1. Dokumentenhistorie
2. Einführung
3. Zweck
4. Geltungsbereich
5. Inhalt des Site Master File
6. Revisionshistorie
Anhang (Annex)

Die einzelnen Abschnitte werden nachfolgend vorgestellt und kommentiert. Der Originaltext wird zur besseren optischen Abgrenzung in blau angezeigt.

„Das Site Master File wird vom Hersteller erstellt und sollte spezifische Informationen zu den Zielsetzungen und Aktivitäten des Qualitätsmanagements sowie zu den Produktions- und/ oder Qualitätskontrollen pharmazeutischer Herstellungsprozesse, die in der genannten Betriebsstätte durchgeführt werden, umfassen, sowie alle eng integrierten Vorgänge in benachbarten und nahe gelegenen Gebäuden.
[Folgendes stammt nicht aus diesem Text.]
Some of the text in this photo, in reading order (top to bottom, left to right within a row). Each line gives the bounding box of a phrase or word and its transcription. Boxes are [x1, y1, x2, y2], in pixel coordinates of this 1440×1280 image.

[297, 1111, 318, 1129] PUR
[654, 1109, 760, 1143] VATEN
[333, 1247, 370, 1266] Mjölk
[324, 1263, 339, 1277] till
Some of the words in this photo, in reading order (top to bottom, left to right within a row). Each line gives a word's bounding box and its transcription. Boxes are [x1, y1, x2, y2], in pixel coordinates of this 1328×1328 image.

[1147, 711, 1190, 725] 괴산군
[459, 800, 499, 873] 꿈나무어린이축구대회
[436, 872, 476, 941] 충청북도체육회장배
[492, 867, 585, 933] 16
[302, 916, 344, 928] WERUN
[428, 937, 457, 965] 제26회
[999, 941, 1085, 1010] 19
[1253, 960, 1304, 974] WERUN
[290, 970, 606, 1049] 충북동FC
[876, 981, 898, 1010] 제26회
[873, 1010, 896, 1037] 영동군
Wird in der Betriebsstätte nur ein Teil eines pharmazeutischen Verfahrens durchgeführt, muss das Site Master File nur diese Verfahrensteile beschreiben, z. B. Analyse, Verpackung usw."

Das Dokument nennt den Hersteller als Verantwortlichen für die Erstellung; wer das Site Master File in praxi erstellt, bleibt den Betrieben überlassen. Die Inhalte des Site Master File müssen die tatsächlichen Prozesse und Abläufe des Betriebes widerspiegeln und dürfen nicht im Widerspruch zur entsprechenden Dokumentation stehen. Darum ist es sinnvoll, ein interdisziplinäres Team aller betroffenen Bereiche unter Federführung eines Koordinators mit der Erstellung zu betrauen. Dieser Koordinator wird in vielen Fällen die Qualitätssicherung sein.
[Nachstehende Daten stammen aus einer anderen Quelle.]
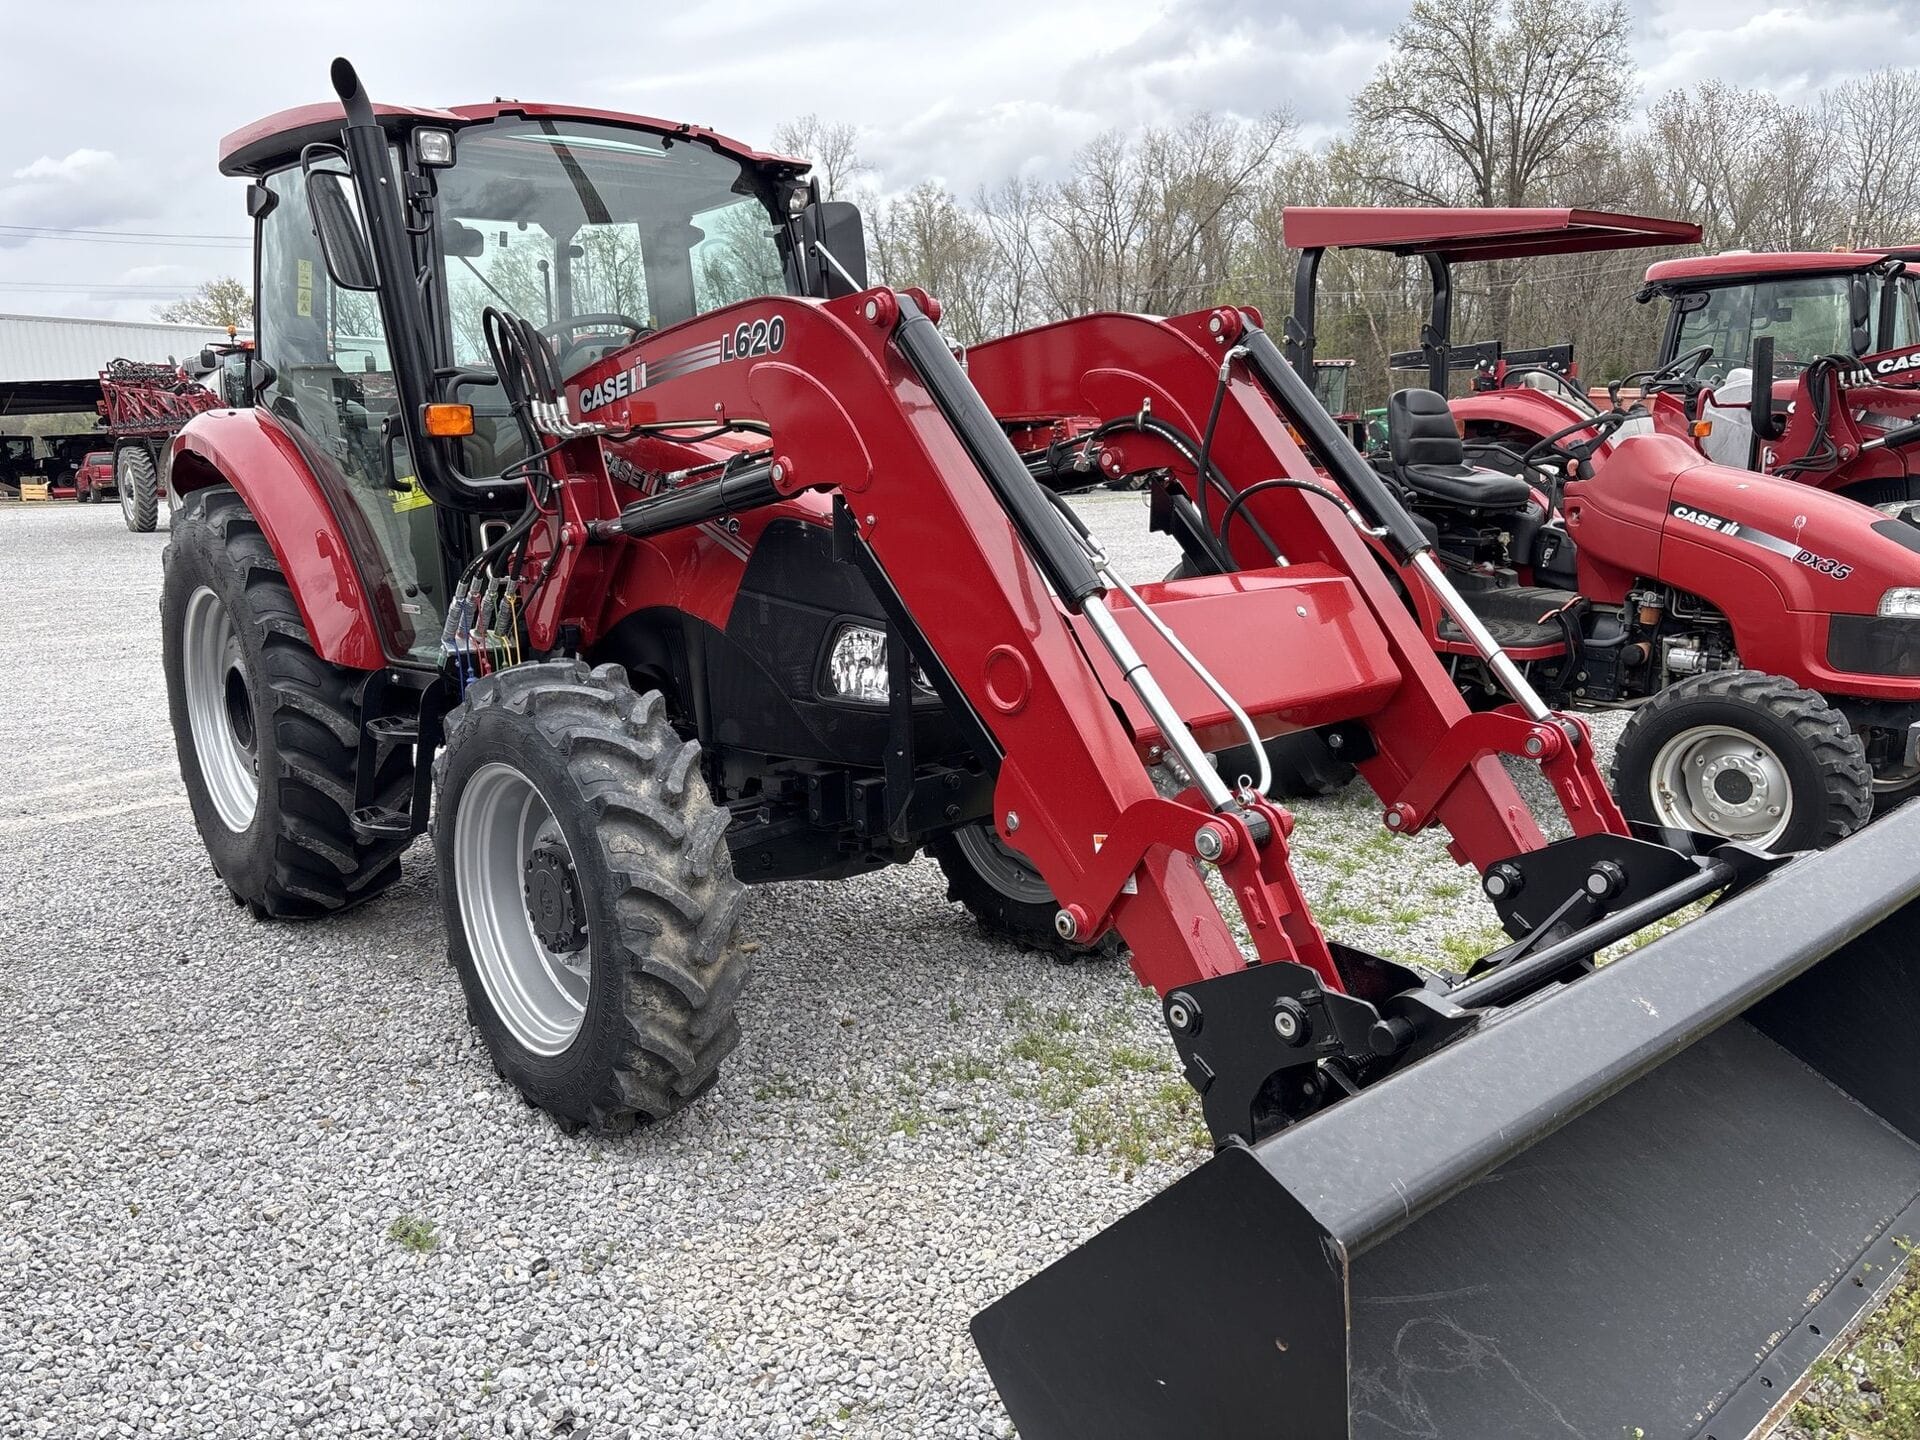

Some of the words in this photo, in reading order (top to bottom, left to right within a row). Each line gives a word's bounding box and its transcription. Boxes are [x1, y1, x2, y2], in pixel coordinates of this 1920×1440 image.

„Wird das Site Master File bei den Regulierungsbehörden eingereicht, sollte es eindeutige Informationen zu den GMP-Aktivitäten des Herstellers beinhalten, die bei der allgemeinen Überwachung und bei der effizienten Vorbereitung und Durchführung einer GMP-Inspektion von Nutzen sein können."

Die Vorgaben von PIC/S PE 008-4 sind in erster Linie für die Einreichung bei der Behörde gedacht. Wird das Dokument anderweitig genutzt, liegt es im Ermessen des Herstellers, die Inhalte um Informationen zu kürzen oder zu erweitern.

„Ein Site Master File sollte angemessene Informationen enthalten, dabei aber möglichst 25-30 Seiten plus Anhänge nicht überschreiten. Nach Möglichkeit sollten einfache Pläne, Grundrisse oder schematische Lagepläne anstelle von Text verwendet werden ..."

Ein Inspektor erwartet keine Prosa, sondern kurze Texte mit Verweisen auf Anlagen, einfache Pläne, Zeichnungen und Schemata in DIN-A4-Format anstelle von ausführlichem Text. Bei Bedarf wird er nachfragen. Dennoch kann das Site Master File in seiner Gesamtheit einschließlich Listen, Anhängen und Verweisen - abhängig von der Größe der Betriebsstätte und Besonderheit der Betriebsart - einen beachtlichen Umfang annehmen.

„... Das Site Master File einschließlich der Anhänge sollte beim Ausdruck im DIN A4-Format lesbar sein."

Das Site Master File muss nicht zwingend in Papierform vorliegen, eine Übermittlung in elektronischer Form ist ebenfalls möglich. Jedoch sollte es beim Ausdrucken in DIN A4-Format lesbar sein, was insbesondere bei Plänen, Schemazeichnungen oder umfangreichen Tabellen zu beachten ist.

„Das Site Master File sollte ein Teil der Dokumentation des Qualitätsmanagementsystems des Herstellers sein und entsprechend aktualisiert werden. Das Site Master File sollte mit einer Versionsnummer, dem Datum des Inkrafttretens und dem Fälligkeitsdatum der Überarbeitung versehen sein. Es sollte regelmäßig überarbeitet werden, um es stets auf dem neuesten Stand zu halten und aktuelle Abläufe zu berücksichtigen. Jeder Anhang kann ein eigenes Datum des Inkrafttretens enthalten, so dass eine unabhängige Aktualisierung möglich ist."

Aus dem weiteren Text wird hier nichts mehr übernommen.